A suburban Chicago investment firm tied to billionaire Steve Sarowitz is moving forward on plans for an entertainment-focused development in Los Angeles despite an overall slowdown in production in the world's entertainment capital.
Entities related to Highland Park, Illinois-based 4S Bay Partners filed plans with the city of Los Angeles to build five movie production buildings totaling roughly 257,000 square feet at 3701 Stocker St. near the Baldwin Hills Crenshaw Plaza mall. 4S Bay Partners lists Sarowitz, who founded payroll services firm Paylocity in 1997, as a partner in the Illinois firm. He has an estimated net worth of $2.3 billion, according to Forbes.
The investor paid $24 million for the 2-acre property — which currently holds a 1950s-era office building — in February 2021. The following month it announced plans to convert the site along with other nearby properties it had purchased into an entertainment-related development. A 4S Bay Partners representative didn't respond to a request to comment from CoStar News.
The location is in a historically Black neighborhood roughly 6 miles south of Hollywood; 4S Bay Partners said in 2021 that its project aimed to serve "as a center of creativity and innovation for the Black community," according to a statement.
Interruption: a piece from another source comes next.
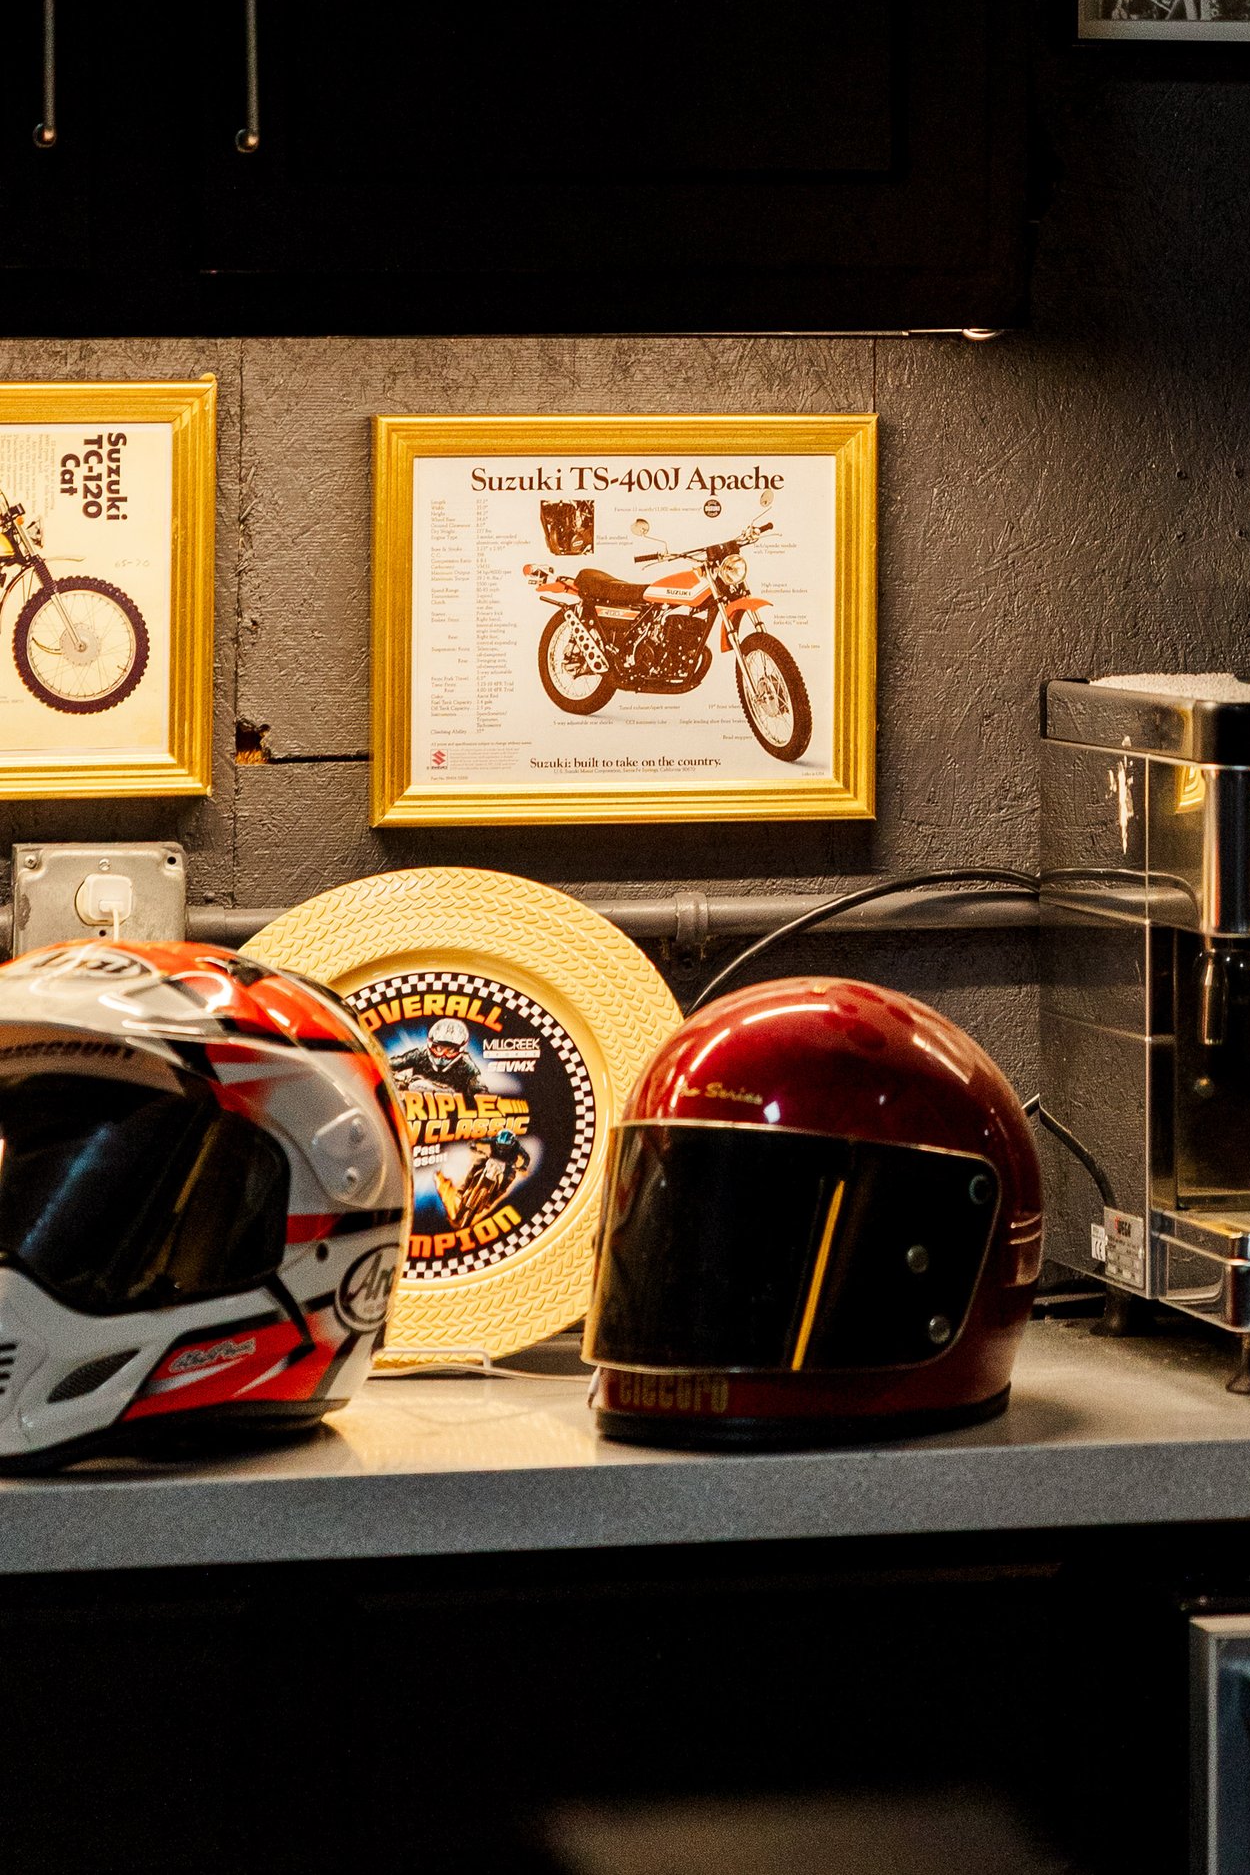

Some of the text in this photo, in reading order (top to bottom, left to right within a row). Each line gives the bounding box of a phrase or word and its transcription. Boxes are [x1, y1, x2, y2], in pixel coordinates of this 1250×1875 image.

The developer also said it wanted to create economic opportunities for diverse and female filmmakers, creative arts workers and community nonprofits.
The company's more recent move to file plans for the motion picture production campus comes after a notable pullback in demand.
On-location filming fell roughly 36% year over year in Los Angeles in the fourth quarter and was down roughly 32% overall in 2023 compared with the prior year, according to FilmLA. The production decline is largely a result of the Hollywood strikes in 2023.
There were nearly 50,000 job losses in the film and television industry, according to data from the U.S. Bureau of Labor Statistics. Streaming companies are continuing their pullback, with Amazon Prime and Netflix cutting jobs in recent months.
FilmLA President Paul Audley said in a statement it will take months before the region knows what the "new normal" for filming looks like in greater Los Angeles.
“History offers no point of comparison to the present,” Audley said in the statement. “The pandemic year aside, we have to look very far back — farther back than permit records allow — to find a time when production levels stayed so low, for so long.”